Las perlas de los inversores globales

las-perlas-de-los-inversores-globalesDesde Londres, Inglaterra

Por pérdidas de vuelos, despacho esta columna desde el Sofitel del aeropuerto de Heathrow, en Londres.

Varias de estas notas, escritas para la versión chilena del newsletter, han sido enviadas desde varios países y ciudades, comentando el pulso -de forma simultánea- de la calle y las inversiones, una combinación muy agradable para quienes nos interesamos tanto en la economía como en los viajes.

De mi breve paso por esta ciudad, pude constatar algo muy interesante en los diarios locales. Pero eso lo dejaremos para otro momento.

Quiero comentarles de algo de lo que fui testigo durante los últimos días: una especie de regreso a la conferencia anual de Inversor Global que este año se llevó a cabo en la ciudad de Colonia, en Uruguay, los días 6 y 7 de septiembre.

Y en lo que sería una especie de cierre del ciclo comenzado en Colonia, pude constatar una tendencia que durante esos dos días fue marcada con bastante claridad por parte de Rob Marstrand.

Para quienes no asistieron al evento ni han visto los videos, les comento que Marstrand es uno de los más reputados estrategas financieros de Agora Financial. A su cargo tiene la cartera de Bonner & Partners Family Office, donde un selecto grupo de inversores globales coloca su dinero apostando a inversiones a largo plazo. Marstrand en un tipo cuyo trabajo es identificar valor poco explotado para ser capitalizado al momento de la jubilación o, incluso, más allá, a la hora de pensar en el legado familiar.

Bueno, en Colonia, durante un panel llamado “La mejor inversión para los próximos cinco años” Marstrand nos habló de un destino que si bien implica cierto riesgo, es para él uno de los mejores movimientos que hoy pueden hacer los inversores globales.

Una apuesta a la tierra de Pedro El Grande. De Dostoievski. De la Plaza Roja.

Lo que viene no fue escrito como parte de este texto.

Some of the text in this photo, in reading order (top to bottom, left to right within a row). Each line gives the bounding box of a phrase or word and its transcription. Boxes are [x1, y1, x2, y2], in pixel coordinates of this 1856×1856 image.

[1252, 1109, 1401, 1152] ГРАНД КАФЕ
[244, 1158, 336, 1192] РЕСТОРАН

Rusia es, para Marstrand, una de las Bolsas más baratas y con mejor potencial de crecimiento en el mundo entero. Se trata de empresas -grandes y pequeñas- con contabilidades sanas y en plena expansión, que disfrutan de un mayor ingreso entre la población que se traduce en un consumo boyante, y que son algunas de las razones esgrimidas por el estratega hace un par de meses, con las que al mismo tiempo fundamenta por qué los socios de Bonner & Partners Family Office deberían poner sus ahorros en este mercado.

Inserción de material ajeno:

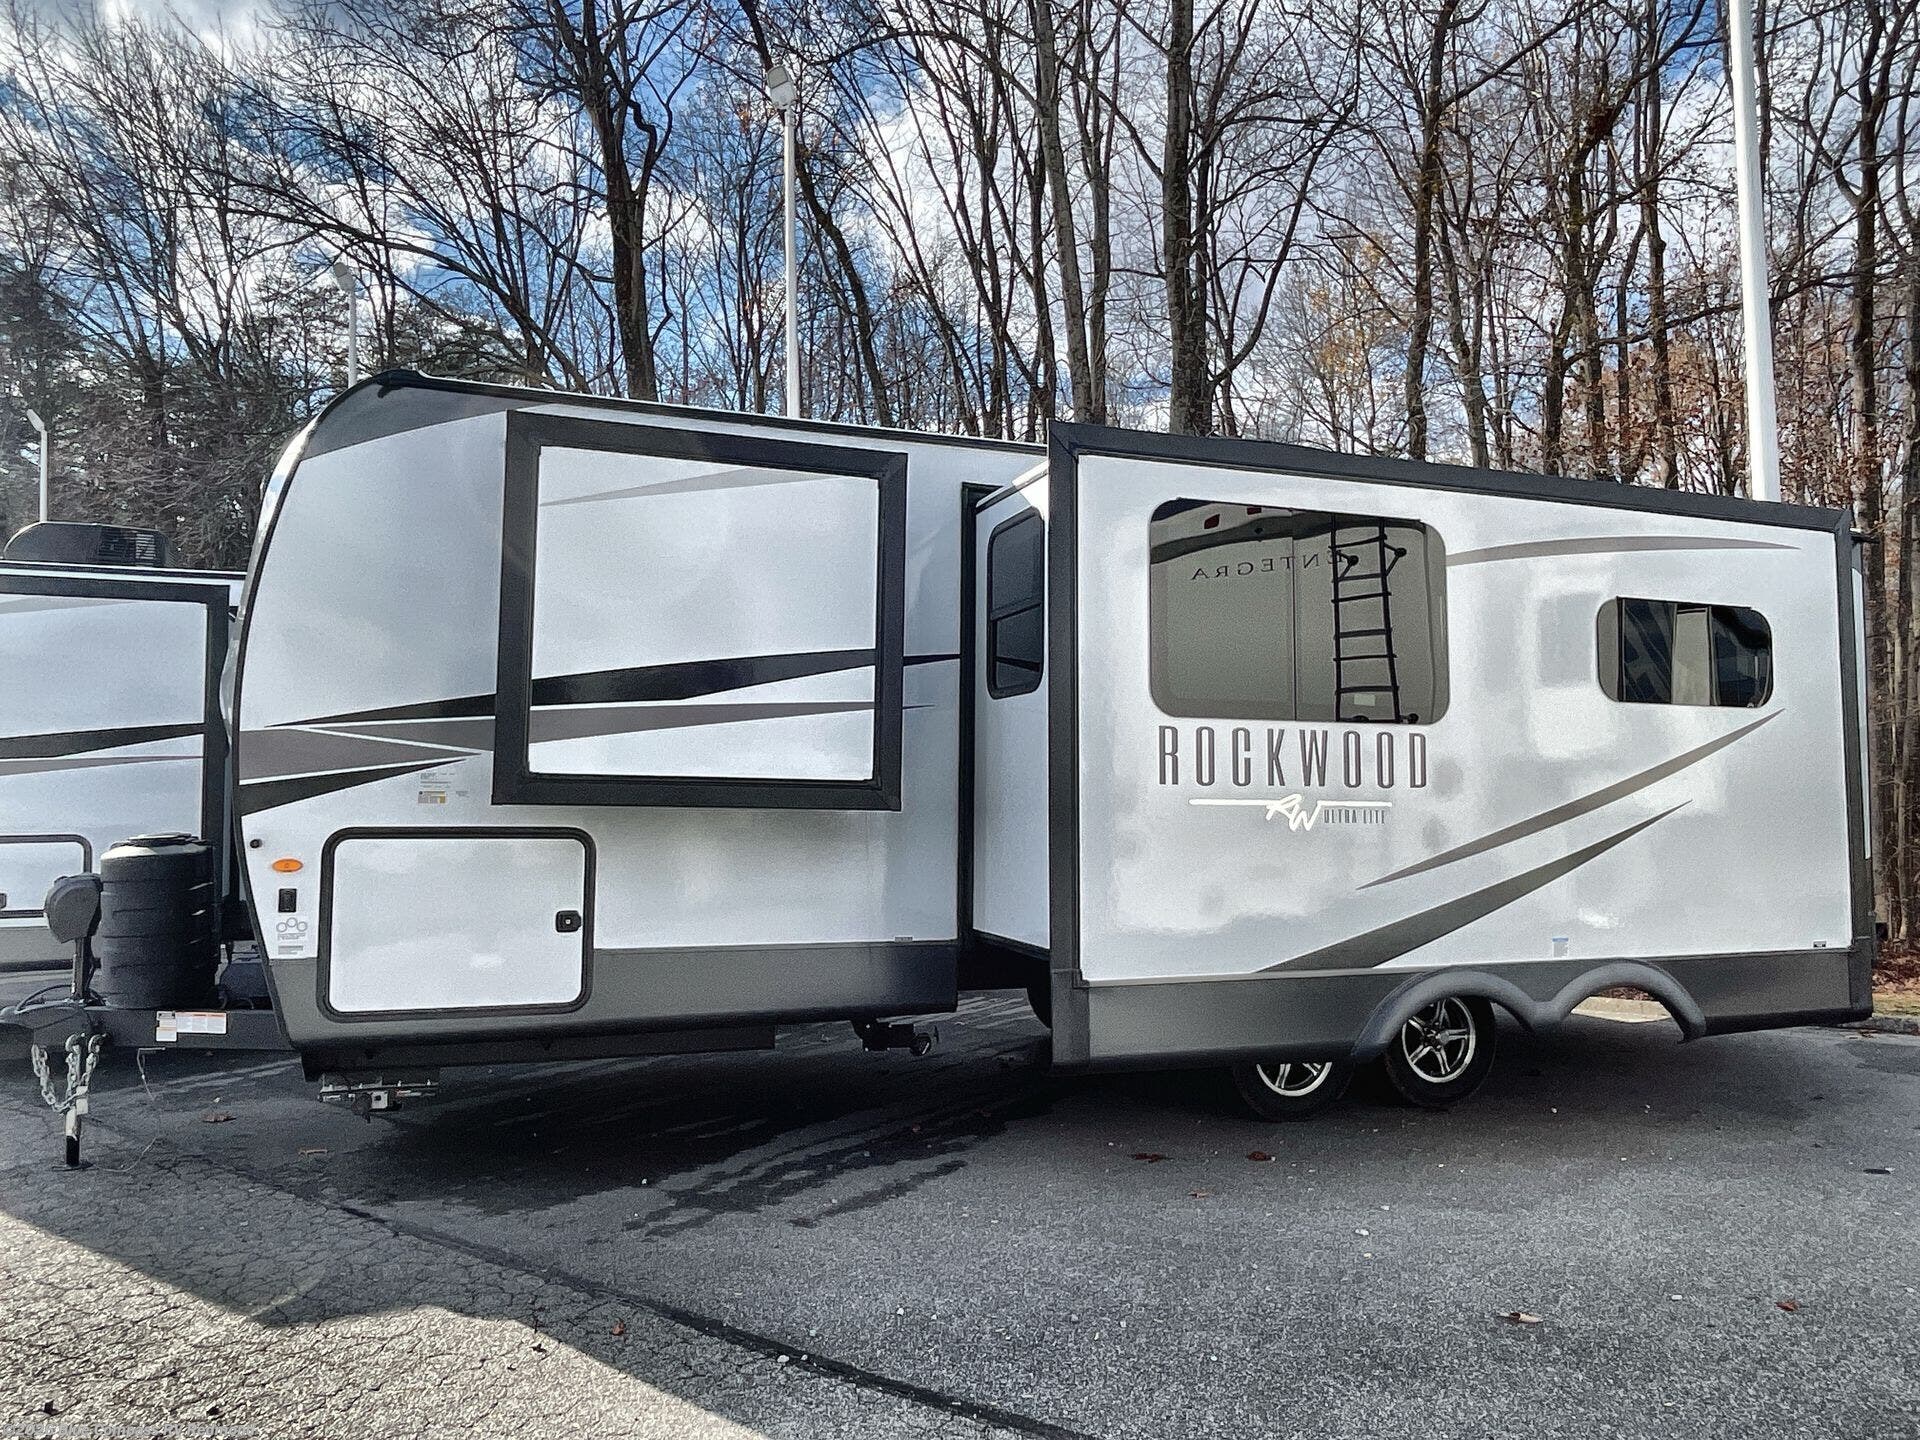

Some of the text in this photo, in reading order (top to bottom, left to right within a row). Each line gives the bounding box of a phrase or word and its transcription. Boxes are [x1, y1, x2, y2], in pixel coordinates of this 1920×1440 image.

[1158, 725, 1428, 790] ROCKWOOD
[1323, 808, 1386, 825] ULTRA LITE

Ahora, ¿por qué retomo esto?

Porque hace unos días, caminando por Barcelona, pude ser testigo -aunque de forma tangencial- de este boom del ingreso y el consumo. En una España muy golpeada por la crisis, la salida de ciudades como Barcelona ha sido reconvertirse casi de forma exclusiva al sector de servicios en general, y con una fuerte orientación al turismo, en particular.

Ahí estaban, felices de la vida. Con tres bolsas de ropa en cada mano, preguntando precios en un extraño espanglish con acento del Cáucaso: los rusos son hoy sin dudas los nuevos ricos de Europa. Tanto así, que vi más de un restorán esforzándose por ofrecer sus servicios en su particular idioma.

Pero su Bolsa local sigue barata, dice Mastrand, quien por ejemplo propone hacerse parte de la misma a través de instrumentos diversificados como el ETF Market Vectors Russia (RSX), que agrupa a varias grandes empresas del país y que cotiza, para facilidad de los inversores argentinos, en Estados Unidos.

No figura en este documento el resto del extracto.